#### MATERIAL FOR THE TASK

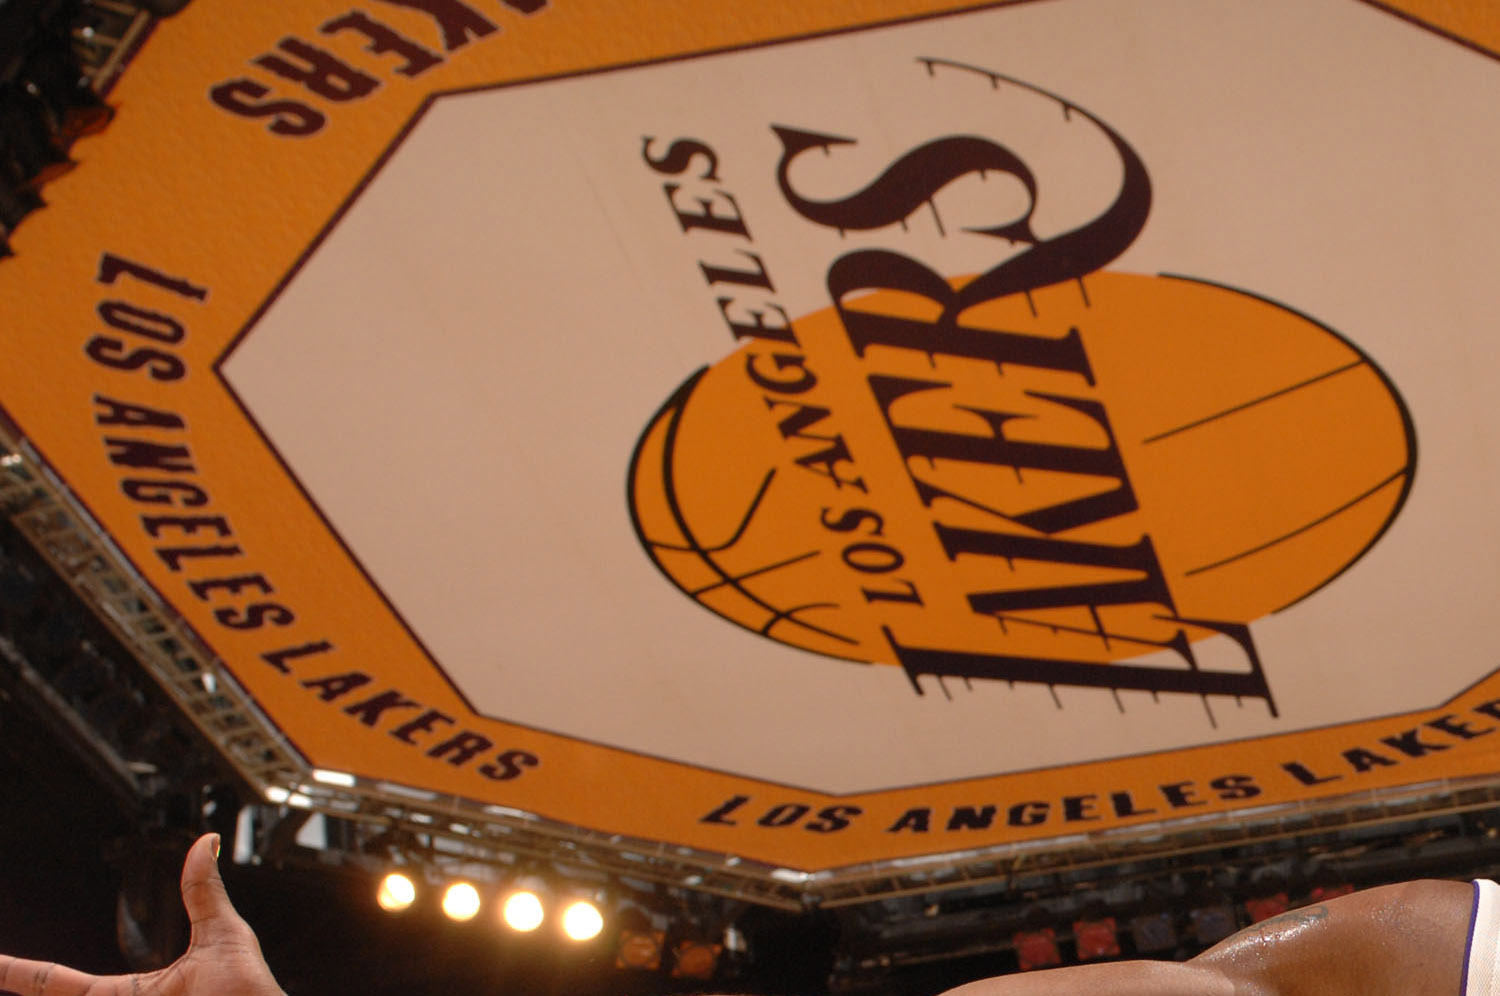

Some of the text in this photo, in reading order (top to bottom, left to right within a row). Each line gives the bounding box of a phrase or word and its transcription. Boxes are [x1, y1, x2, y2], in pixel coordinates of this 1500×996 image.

[84, 252, 540, 781] LOS ANGELES LAKERS
[641, 135, 925, 608] LOS ANGELES
[769, 56, 1279, 729] LAKERS
[699, 795, 862, 834] LOS
[886, 774, 1262, 837] ANGELES
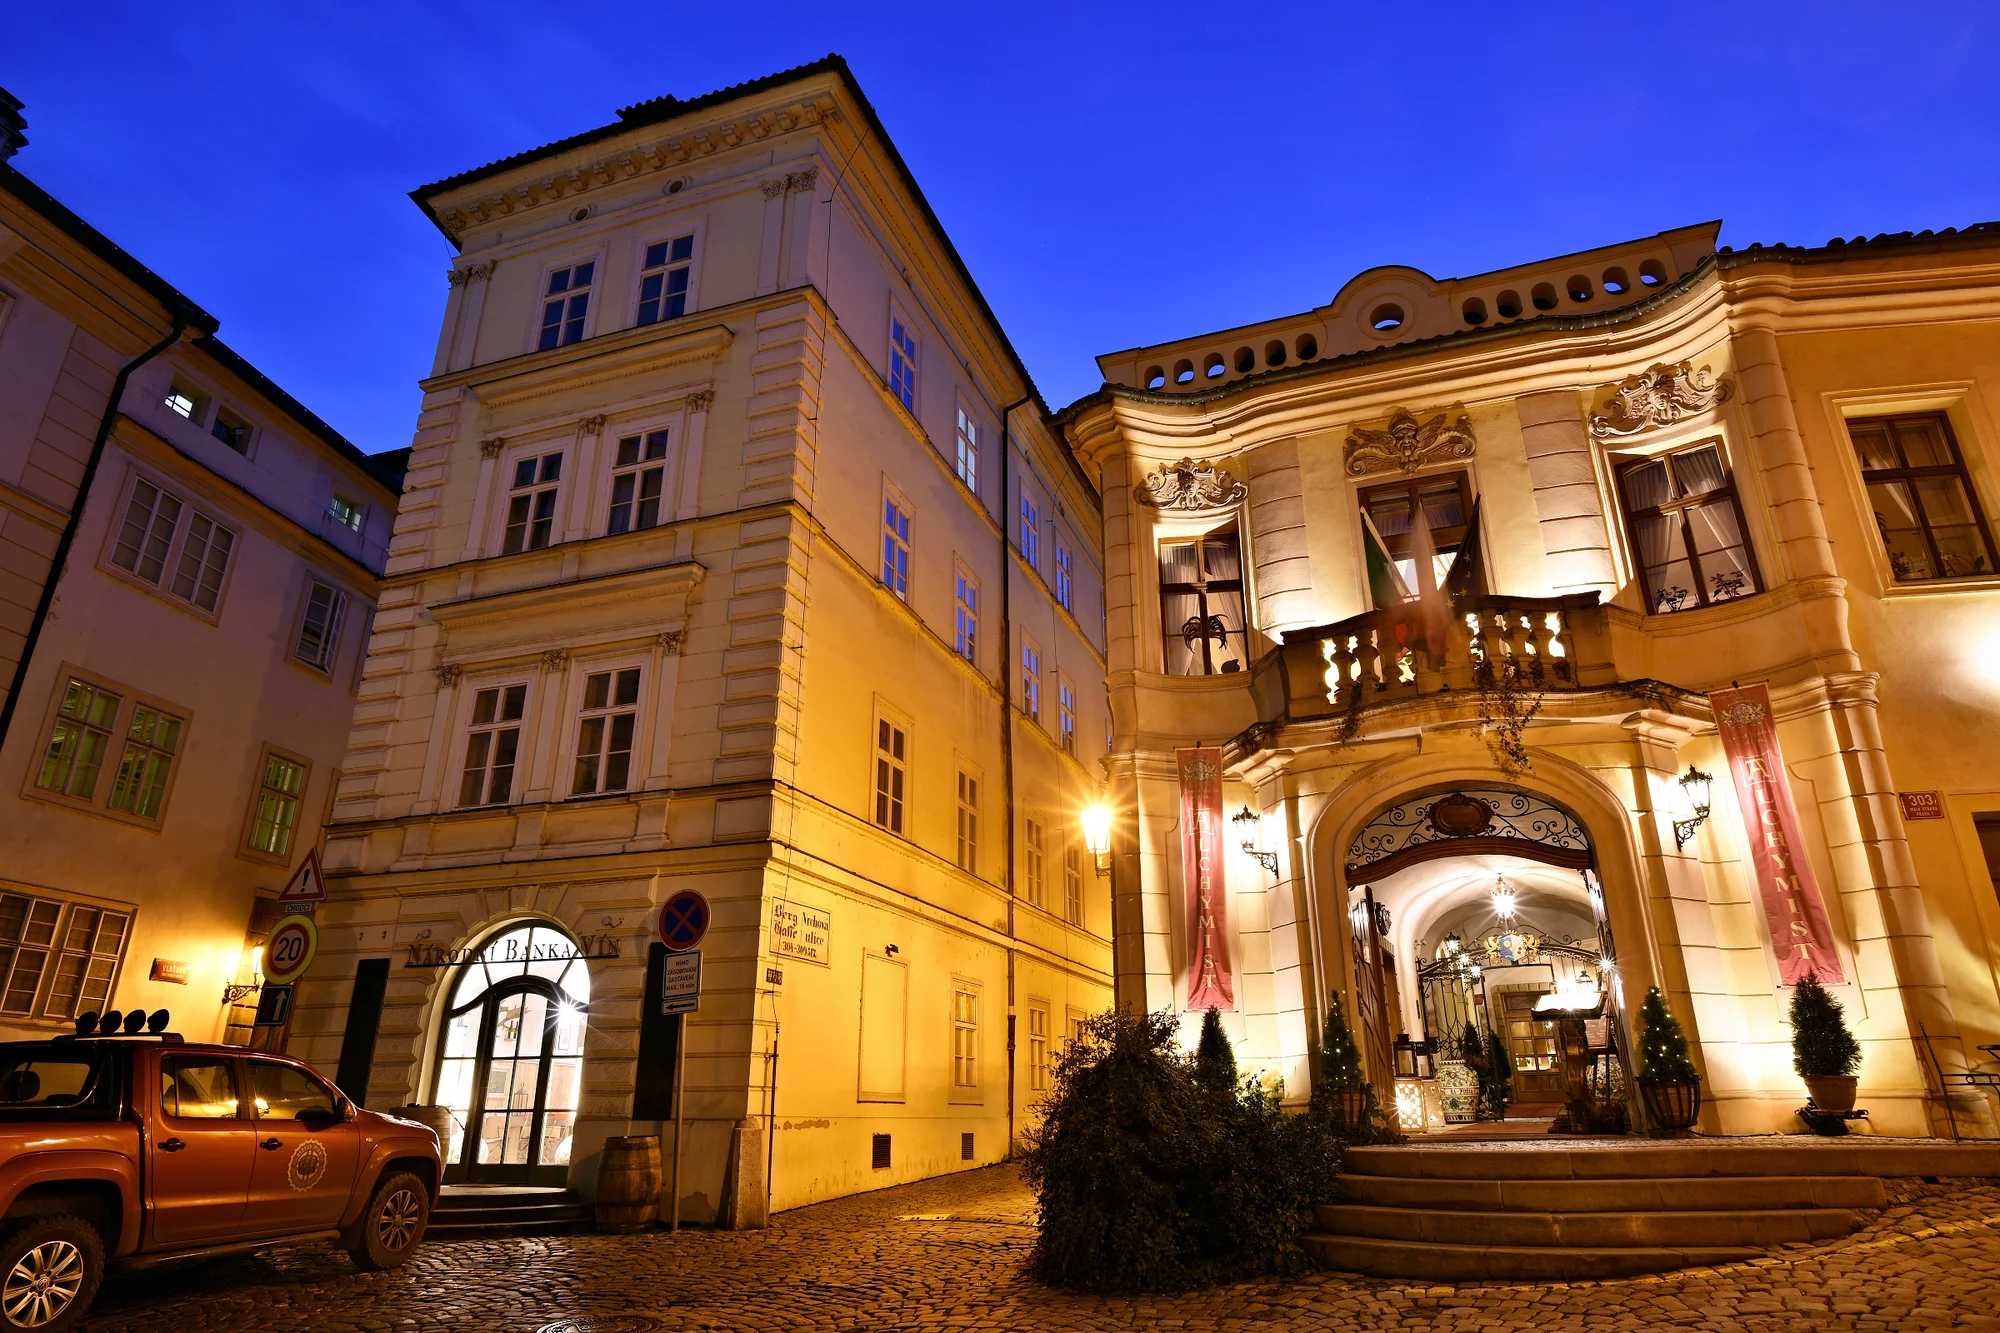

########

[WORK INSTRUCTION]
The result should be all the records, retyped exactly, with no pictures among them.

[REPLY TO THE EXERCISE]
Some of the text in this photo, in reading order (top to bottom, left to right within a row). Each line gives the bounding box of a phrase or word and its transcription. Boxes are [x1, y1, x2, y2], in pixel coordinates of this 1500×996 image.

[84, 252, 540, 781] LOS ANGELES LAKERS
[641, 135, 925, 608] LOS ANGELES
[769, 56, 1279, 729] LAKERS
[699, 795, 862, 834] LOS
[886, 774, 1262, 837] ANGELES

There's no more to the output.